We use data from chemistry patents and index the text of the claims in our database. We process the text of the claim to extract named entities that are specific to this domain. These are keywords that have specific meaning in organic and medicinal chemistry. Some of these are names of diseases, proteins, genes, and of course chemical compounds.

The reason we developed iChemist was to enable patent analytics by offering context at various stages of the user journey.
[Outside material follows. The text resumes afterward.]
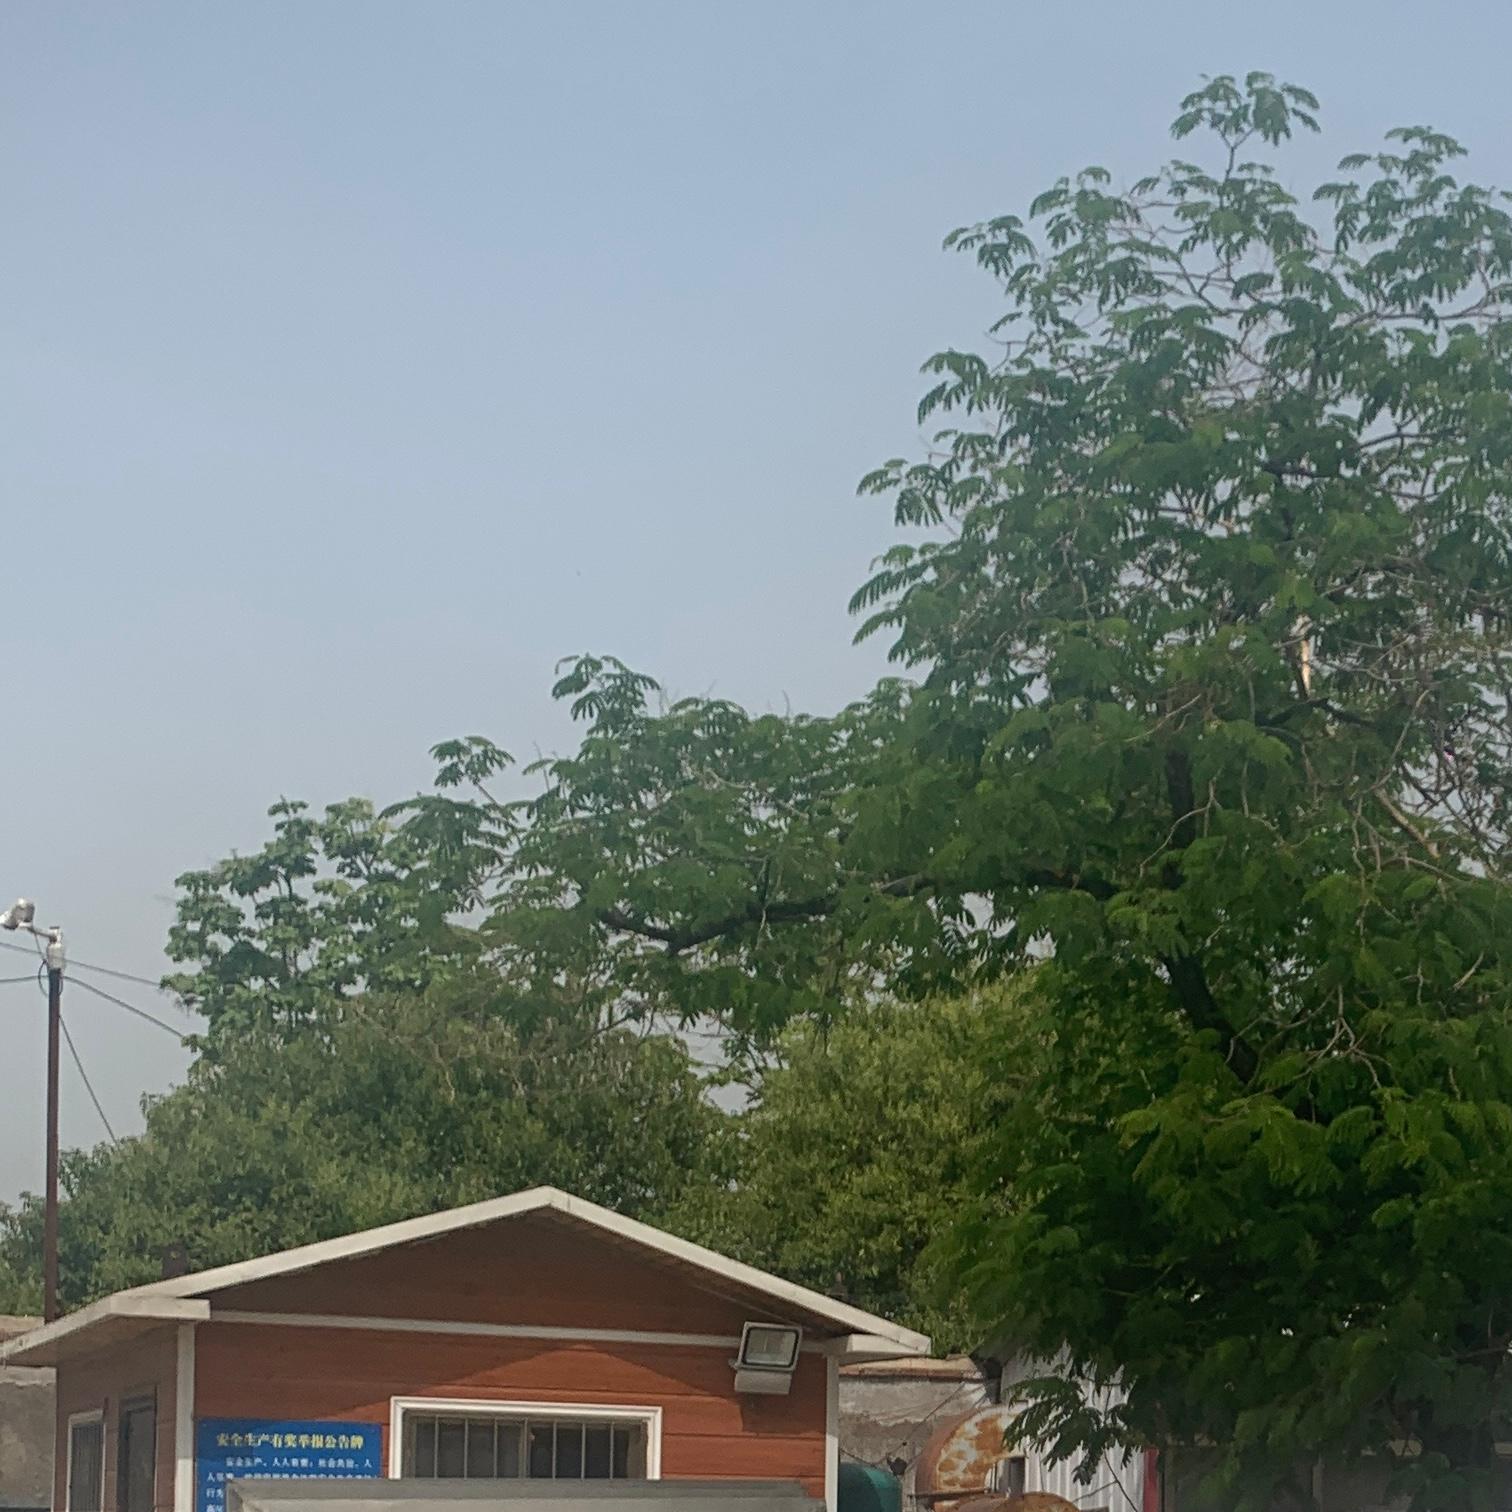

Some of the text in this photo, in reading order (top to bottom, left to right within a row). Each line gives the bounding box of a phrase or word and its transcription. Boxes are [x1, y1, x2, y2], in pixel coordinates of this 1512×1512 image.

[217, 1433, 364, 1449] 安全生产有奖举报公告牌
  • Our search provides typeahead to enable the user to quickly arrive at an appropriate term
  • After the search is submitted we showcase similar keywords. This allows many analysts to increase coverage of the topic they are researching. We’ve seen users capture these keywords and post them in http://patents.google.com to improve their keyword patterns.
  • As you browse through the search results you are offered the chance to find similar patents. We use large text embeddings to find similar patents based on title and abstract texts.
  • When you expand the claims section you are presented with each claim that can be read independently. In addition, you are also presented with entity labels which can be clicked to highlight corresponding entity values in the text of the claims. This provides a quick way to summarize and helps you decide if you wish to linger on and read more or move to the next claims or search result

All of our back-end models are using state-of-the-art (SOTA) algorithms to train text embeddings and NER models.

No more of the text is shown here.